The bark is shown in the first photo in a January photo of the youngest of the three trees. Though slow growing it can eventually be a twenty or twenty-five foot tree; older specimens do not have such extravagantly pink winter bark on their main trunks & main limbs, but young limbs & twigs will continue to provide the color.
New spring leaves are yellow-green with plum to red edging, palmate but with such deeply cut leaves they are almost ferny. The same young tree is shown in the second photo, in April, with newly emerged leaves not quite having reached their full size. Another coral bark is shown in the third photo, on the same day with newly emerged leaves.
The young leaves age to light green for the rest of spring & then take on autumn-like hues of red & orange beginning in early summer. The fourth photo shows a third coral bark by the driveway in July. The pink-edged orange-reds will become more intense as summer progresses.

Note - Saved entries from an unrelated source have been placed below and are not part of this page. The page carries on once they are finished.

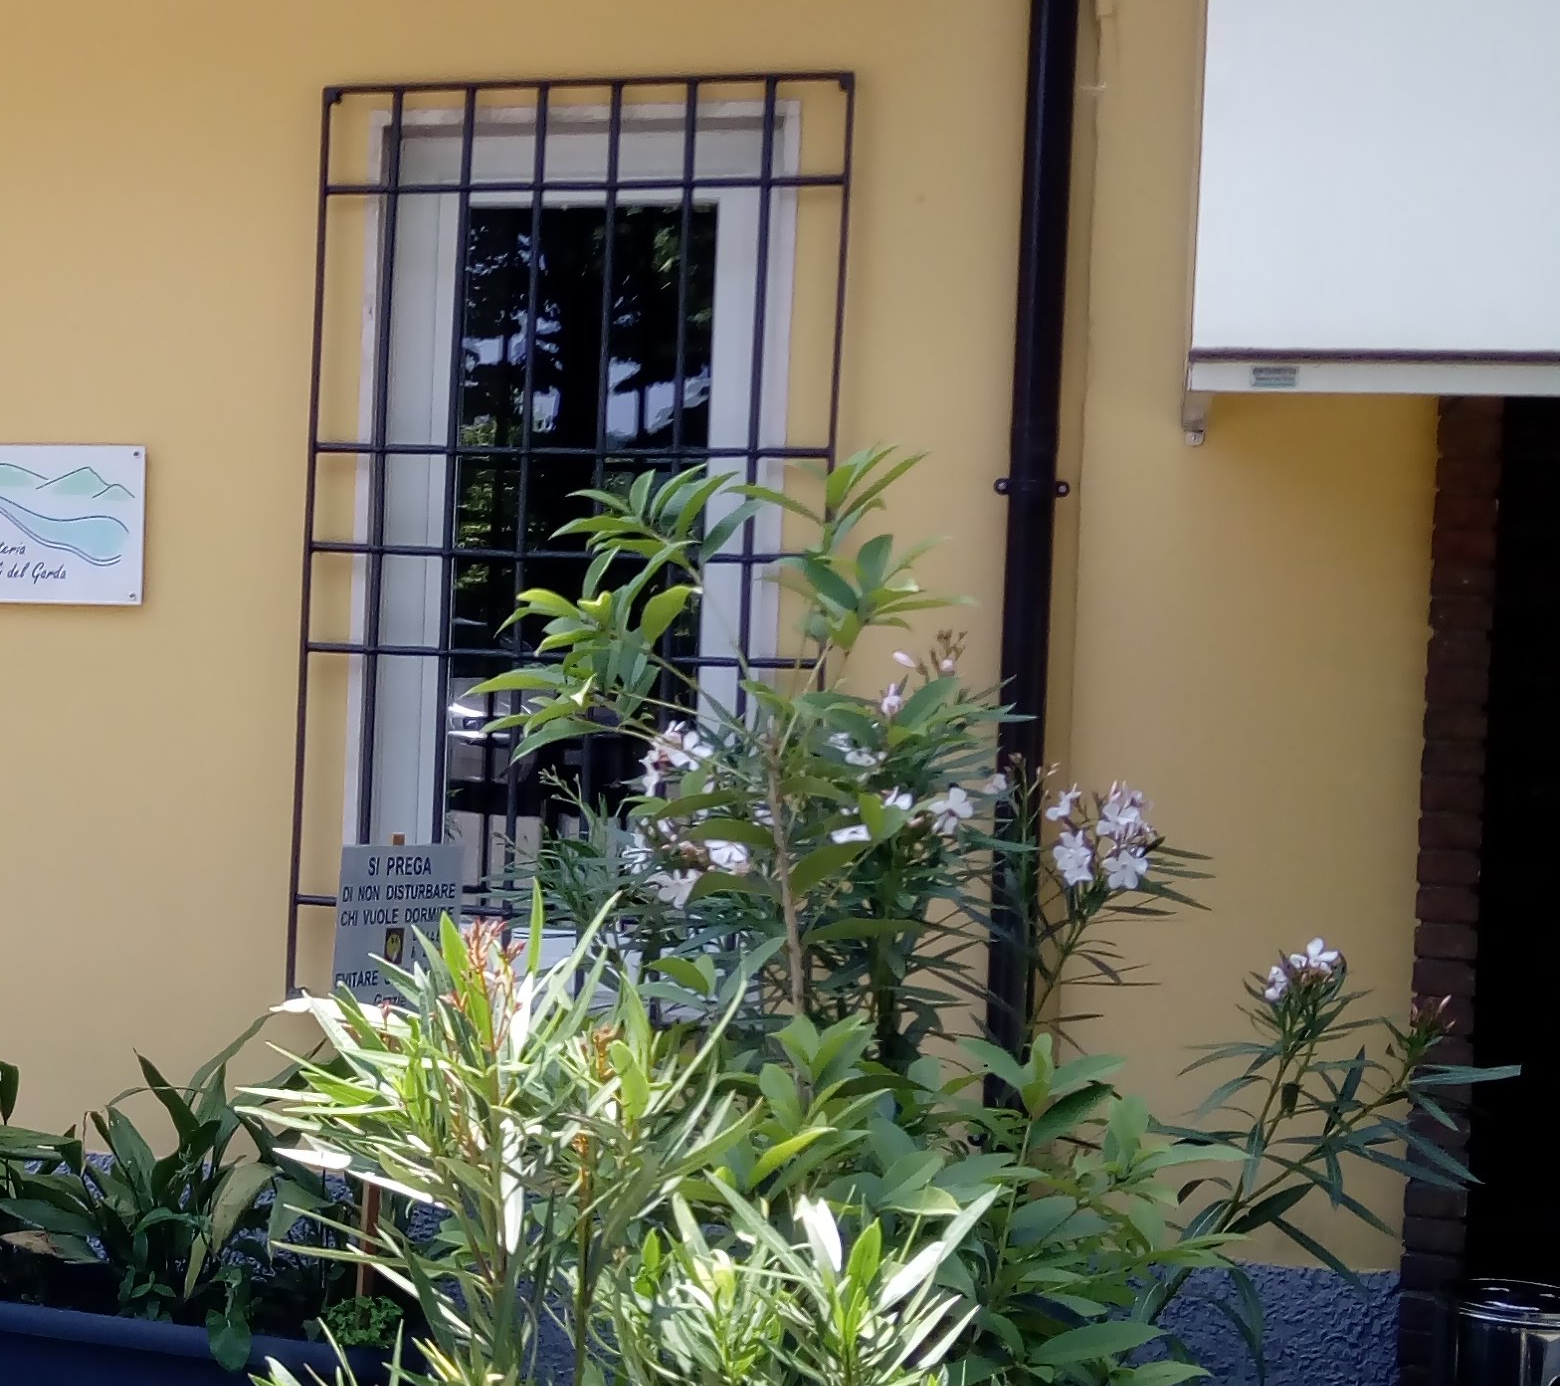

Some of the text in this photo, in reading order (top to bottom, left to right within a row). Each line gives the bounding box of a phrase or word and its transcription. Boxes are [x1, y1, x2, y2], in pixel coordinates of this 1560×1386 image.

[7, 562, 30, 578] del
[31, 561, 67, 585] Garda
[368, 856, 431, 876] SI PREGA
[342, 883, 456, 902] DI NON DISTURBARE
[341, 910, 358, 926] CHI
[363, 908, 399, 925] VUOLE
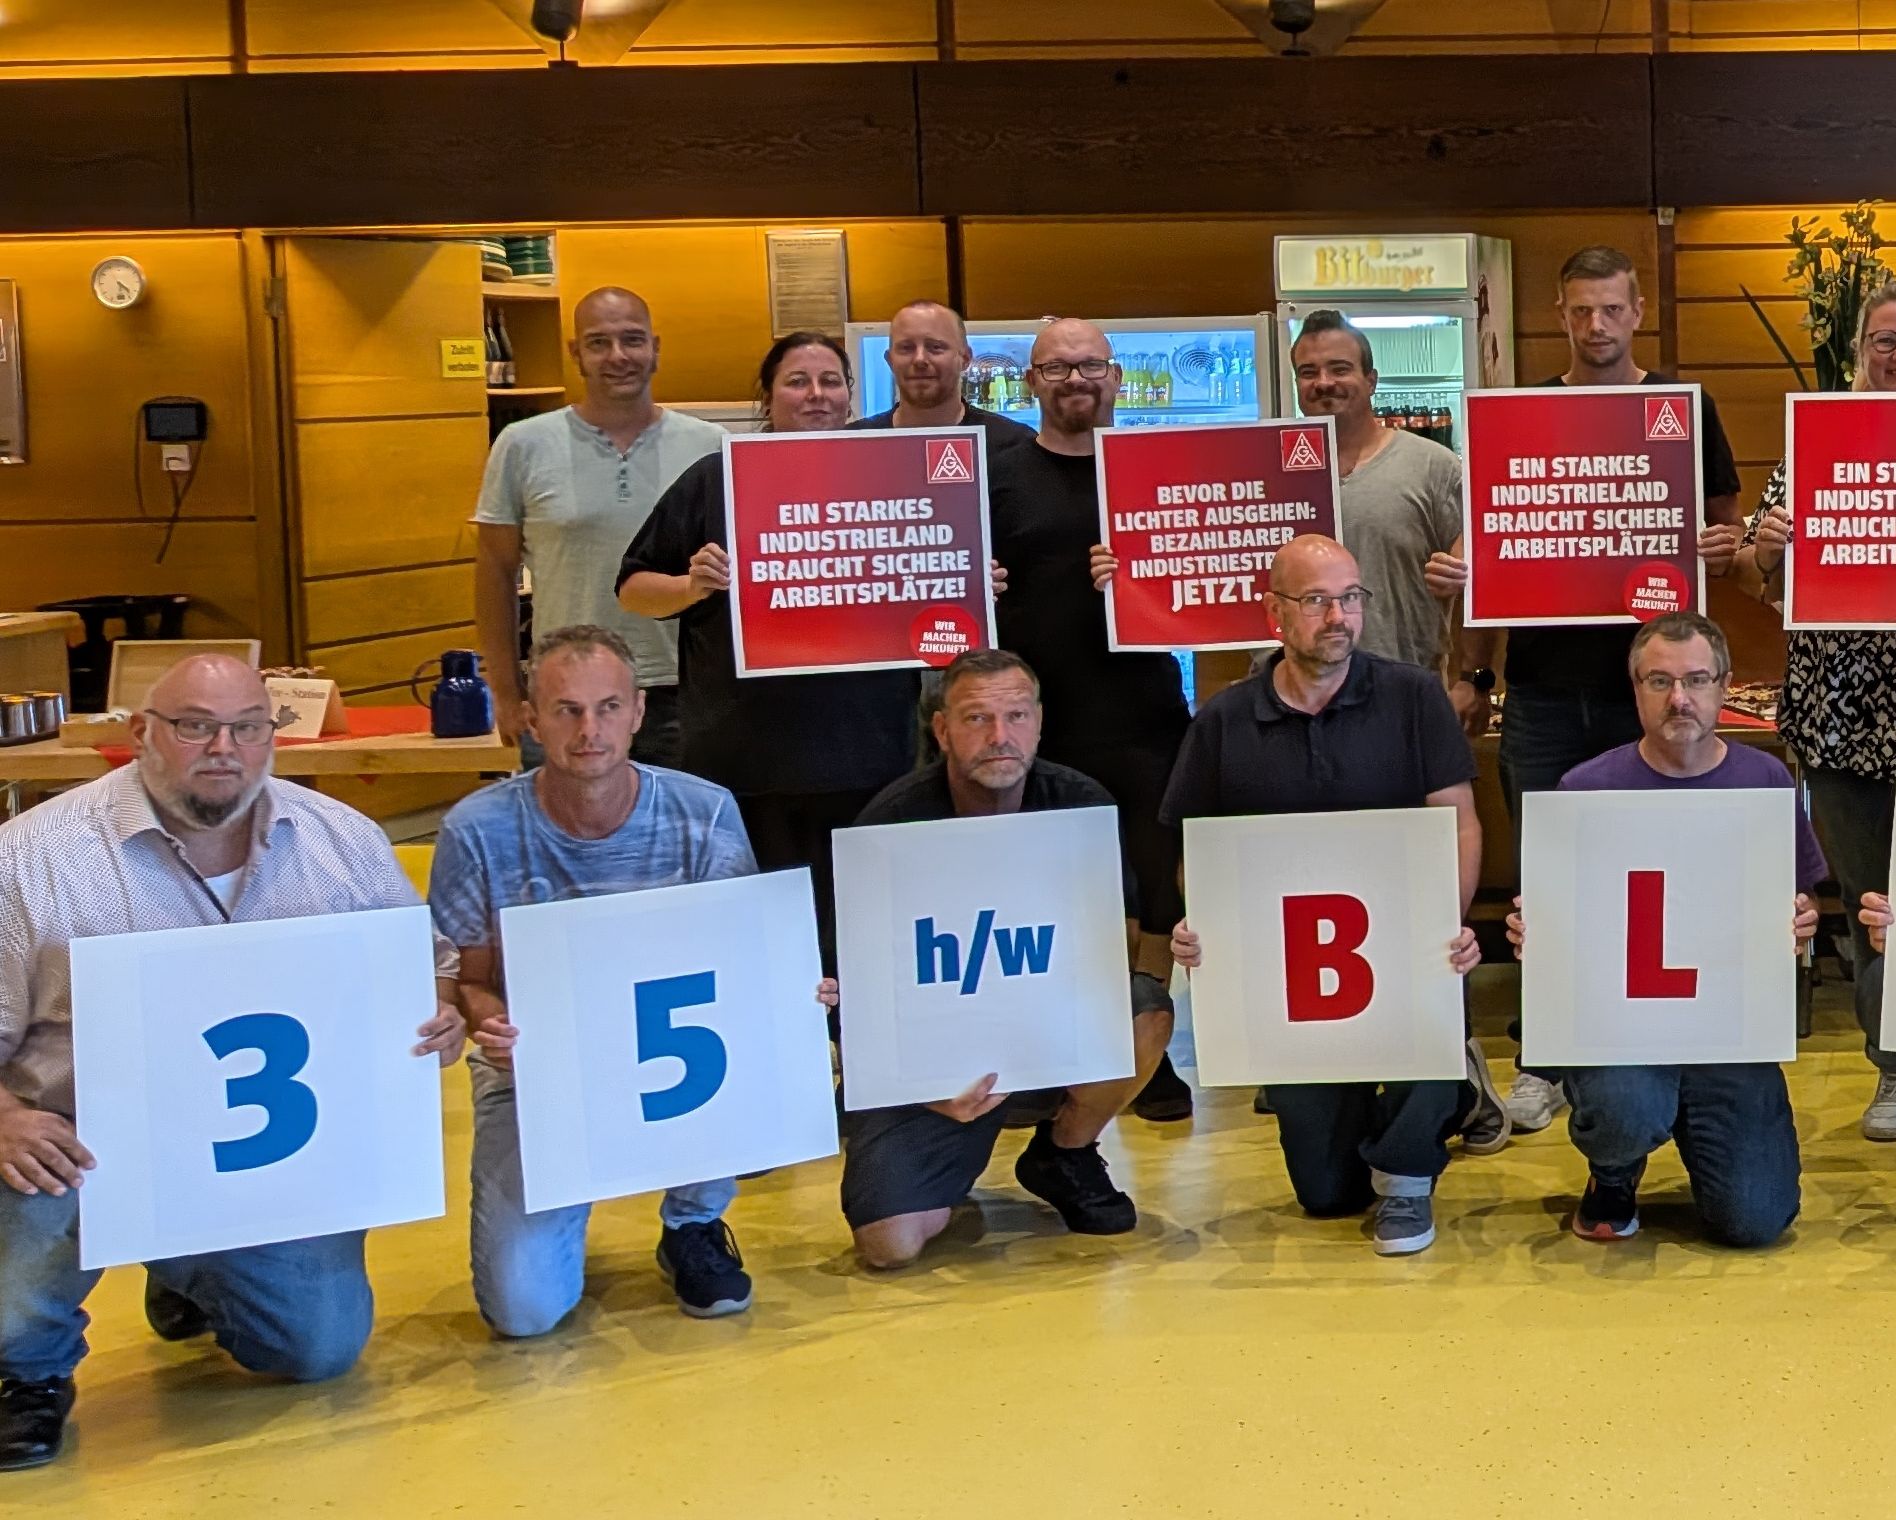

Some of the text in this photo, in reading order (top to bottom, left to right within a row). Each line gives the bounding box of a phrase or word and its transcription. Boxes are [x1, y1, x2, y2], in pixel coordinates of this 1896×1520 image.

[1314, 245, 1434, 292] Bitburger
[1510, 455, 1650, 478] EIN STARKES
[1834, 463, 1870, 483] EIN
[1157, 480, 1265, 505] BEVOR DIE
[1492, 482, 1668, 506] INDUSTRIELAND
[780, 498, 933, 525] EIN STARKES
[1115, 502, 1316, 531] LICHTER AUSGEHEN:
[1484, 508, 1684, 532] BRAUCHT SICHERE
[760, 525, 953, 554] INDUSTRIELAND
[1151, 527, 1294, 553] BEZAHLBARER
[1499, 531, 1678, 559] ARBEITSPLÄTZE!
[752, 550, 970, 582] BRAUCHT SICHERE
[770, 575, 966, 608] ARBEITSPLÄTZE!
[1172, 575, 1262, 612] JETZT.
[1636, 588, 1676, 600] MACHEN
[1648, 577, 1667, 587] WIR
[1632, 599, 1678, 611] ZUKUNFT!
[923, 632, 966, 643] MACHEN
[935, 621, 955, 631] WIR
[202, 1013, 317, 1172] 3
[634, 971, 726, 1122] 5
[915, 910, 1055, 995] h/w
[1283, 894, 1374, 1021] B
[1628, 872, 1697, 997] L

The fifth photo is the smallest of the coral barks (the one seen in the first & second photos) also in July, showing its leaves in darkening summer color, the pinks & oranges intensifying to reds & golds. This smaller tree is shaded by a cedar whereas the larger one by the driveway is in full sun, yet both turn the same summer colors.
Into early autumn the leaves continue their antics as they fade to a ghostly cream before turning peach-colored, or golden yellow with pinkish blush at edges. Some specimens, or in some years, there'll be more of the red-orange or more of the gold-yellow, depending on how soon autumn temperatures drop (see the Coral Bark page of the Autumn Trees Gallery).
In April or May it has small red flowers that turn into winged samaras that reach their full size in summer, & are dispersed late in winter.
Coral Bark Maple, a recipient of the Award of Garden Merit, prefers partial or bright shade, though on Puget Sound or on the coast it can do just as well in full sun.
Inland it might also do fairly well in full sun, but that's not its first choice, & for winter in exposed areas it can be harmed by desicating winds. Although not fussy as to soil conditions, rich acid soil induces the best leaf & bark colors.
The coral-bark is ideal for zones 7 & 8, being sensitive in hotter areas, & prone to limb die-back in really cold zones.
It can be a bit brittler than most Japanese maple cultivars, especially when it is young, & it is not uncommon to see them with broken limbs. The youngest of the two coral-barks shown here has lost one of its three main branchings of the trunk, throwing it off balance visually compared to the better vase-shape of the older one.
Saplings grow relatively fast, but they slow down to a slow growth rate after they reach six or seven feet, & should become less & less prone to brittle breakage once they are gaining some rugged thickness to the main branches.
Prune for appearance late autumn or winter. Minor pruning to remove the occasional crossed limb can be done well into spring. If a mature tree is already well-formed, serious pruning may never be required.
Its Japanese name refers to a specific sea coral. 'Sango' is the Okinawan word for sea coral & "Sango coral" is believed by many to have magical healing properties, so is ingested in powdered form, or water is filtered through it to take in its magical properties.
Profiteers, to give this old superstition a pseudo-medical context, have claimed it is legitimately proven folk-knowledge that Sango coral contains a type of calcium that is better than other calcium sources for the body, the uniqueness of which cures or prevents Alzheimers, bone disease, diabetes, cancer, lupus, & all other digenerative diseases.
Outside of infomercials which the Federal Trade Commission forced to be removed from the airwaves, these claims have no substance. It has no value beyond that of more affordable calcium, & is in fact made up of the hardest calcium for the body to absorb.
The easiest calciums for the body to process are calcium citrate & calcium gluconate; but coral consists of calcium carbonate which is like trying to get one's calcium from eating oyster or clam shells (which some of the same sorts of flimflam artists will tell you can be done, as they offer you jars of ground up seashells of no actual worth). So as it turns out Sango coral calcium is likely the cruddiest rather than the best calcium in the marketplace.
Nevertheless, though claims for coral calcium range from hoaxes & quackery to at best extreme exaggeration, when this name of Okinawan coral was used for the coral-bark maple, it was to imply that if this maple were a coral, then it would be the best of all corals.
The second part of the name, Kaku, literally means "rising upward," but the intent of the name Sango-kaku is to convey the meaning "Coral Tower" or "Coral Pillar," the branches reaching upward as from an actual coral reef.